Under the previous model, flat energy blocks provided certainty to offtakers but penalised technologies such as solar PV, whose output naturally varies throughout the day. The new auction allows participants to submit real generation curves and introduces specific products, including solar PV plus battery hybrids aimed at covering demand between 17:00 and 21:00—one of the most critical periods for the Colombian power system.

This technical differentiation also treats energy storage systems as stand-alone solutions. A utility-scale battery project can shift electricity from low-price hours to peak demand periods, enhancing system reliability while also reducing emissions by displacing fossil-fuelled generation during peak times.

The new framework, therefore, marks a turning point in recognising storage not merely as a renewable back-up, but as a reliability asset in its own right.

“There is a clear intention for battery storage to become a central component of the generation mix,” the AFRY executive stressed.

Regulation, price signals and remaining challenges

A key step in this direction was the publication of CREG Resolution 701 103 of 2025, which establishes a regulatory framework for Battery Energy Storage Systems (BESS). However, further work is still needed, particularly regarding dispatch rules, imbalance settlement and the participation of storage in ancillary services markets.

Transmission infrastructure remains another structural risk. Persistent delays in grid expansion could once again leave projects stranded without connection, as seen in previous auction cycles.

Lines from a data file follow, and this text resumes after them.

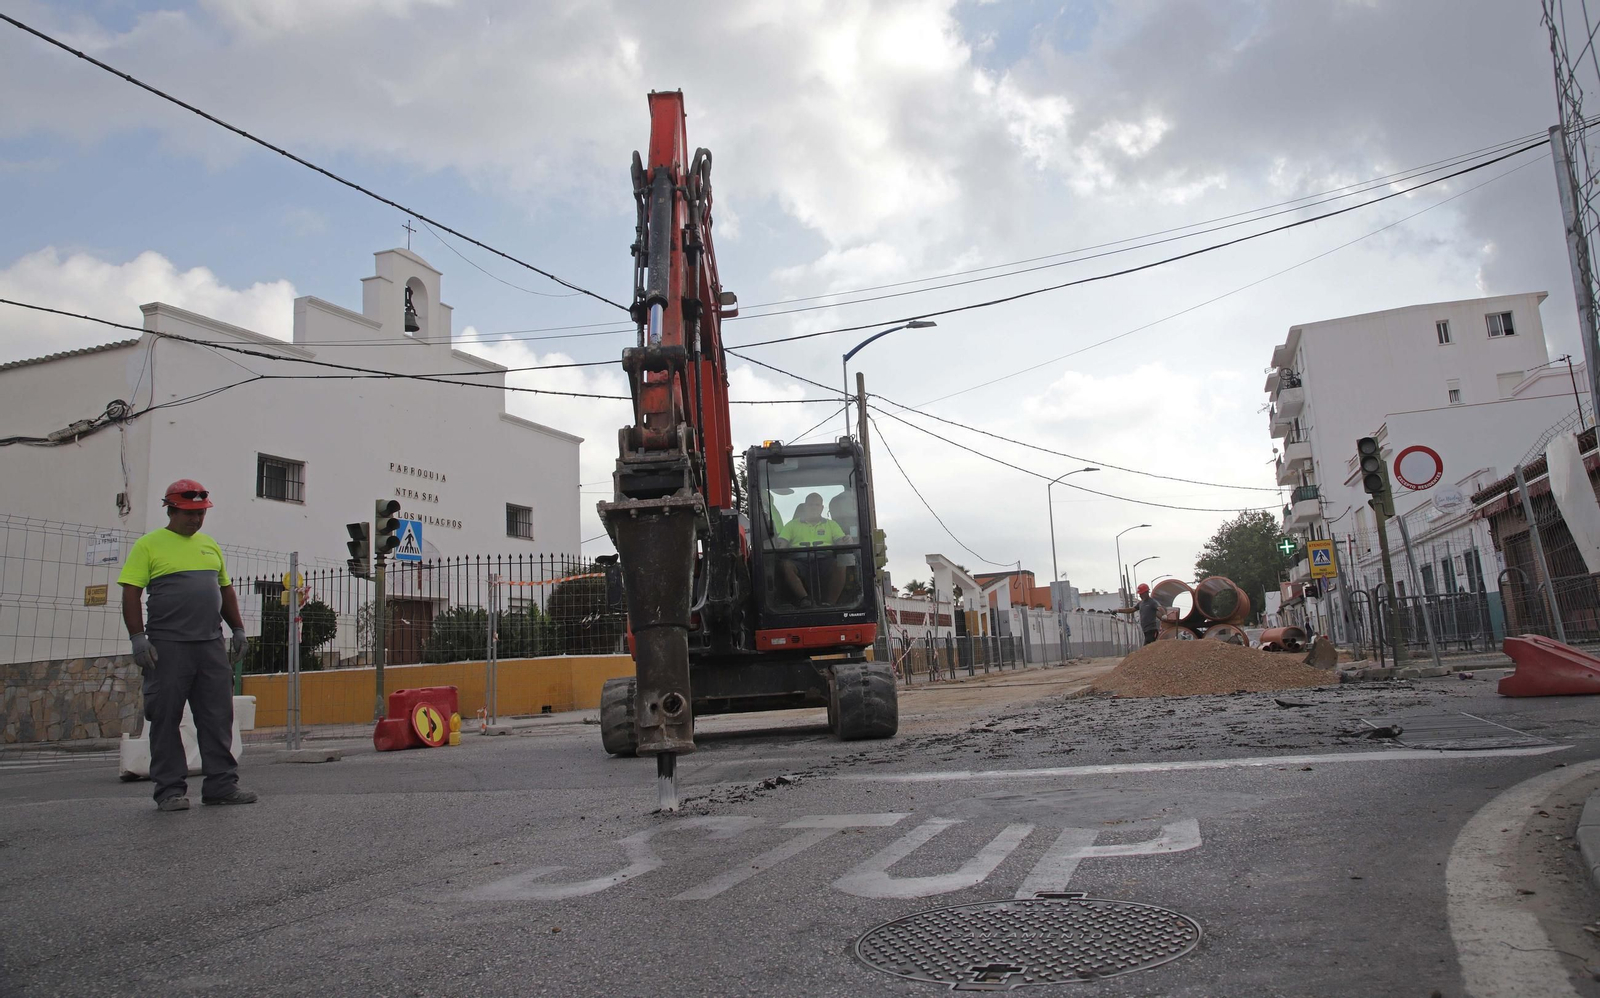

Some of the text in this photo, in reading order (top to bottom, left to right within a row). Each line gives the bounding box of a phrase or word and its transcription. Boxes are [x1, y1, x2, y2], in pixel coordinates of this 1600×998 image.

[389, 462, 446, 482] PARROQUIA
[1397, 471, 1442, 490] EXCEPTO RESIDENTES
[395, 487, 439, 503] NTRA SRA
[398, 511, 462, 529] LOS MILAGROS
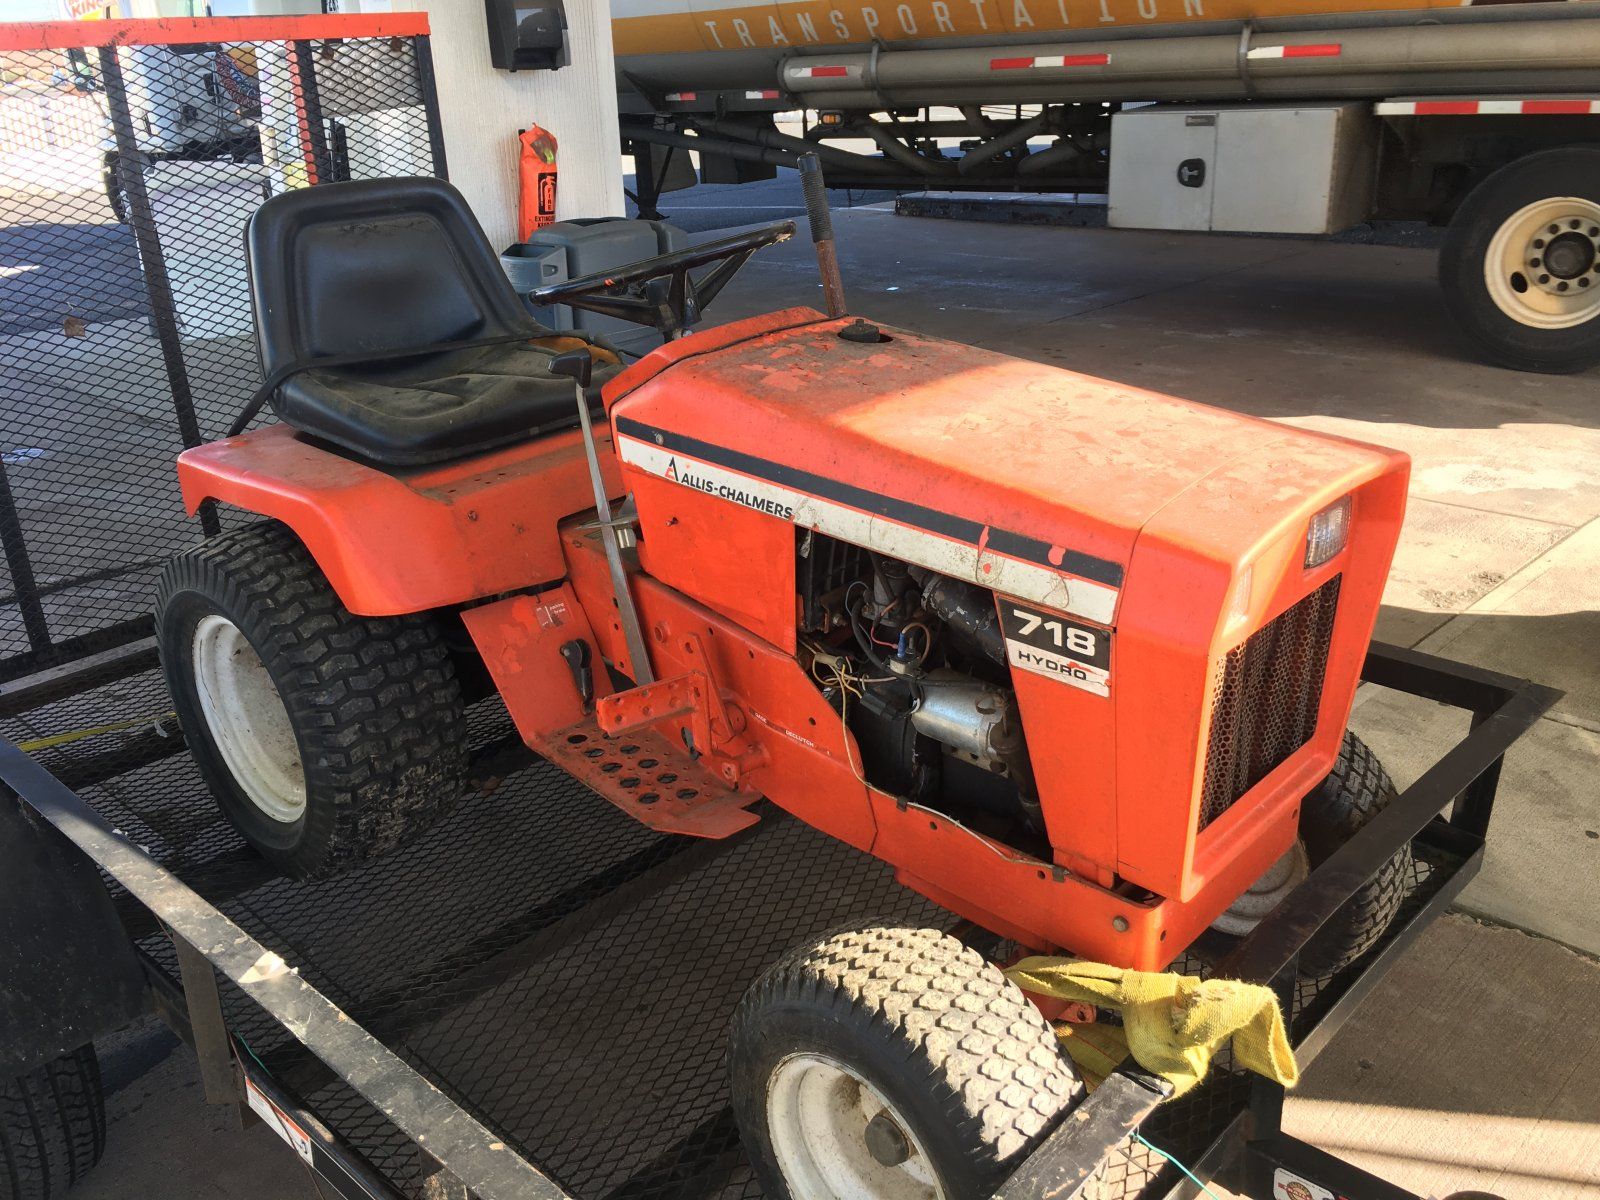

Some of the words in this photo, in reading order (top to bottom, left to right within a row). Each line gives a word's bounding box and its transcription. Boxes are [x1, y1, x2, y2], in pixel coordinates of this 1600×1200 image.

[681, 473, 793, 518] ALLIS-CHALMERS
[1013, 609, 1096, 657] 718
[1018, 650, 1087, 681] HYDRO

On pricing signals—one of the most technically sensitive aspects of the auction design—Pérez Ramírez warned that price caps must be flexible enough to accommodate storage technologies. Batteries rely on energy arbitrage, charging during low-price periods and discharging during high-price hours, which typically coincide with moments of greatest system stress. Artificially capping peak prices could undermine the economic case for storage and limit its deployment.

Finally, institutional stability remains essential to sustain investment. “If the rules change every few years, investment will pull back,” Pérez Ramírez cautioned.

Overall, Colombia’s new long-term auction represents an effort in institutional learning, aiming to build a more robust, predictable and technically aligned power contracting ecosystem in line with the challenges of the energy transition. The market’s response—both from developers and demand-side participants—will determine whether this more complex design can deliver the desired transformation.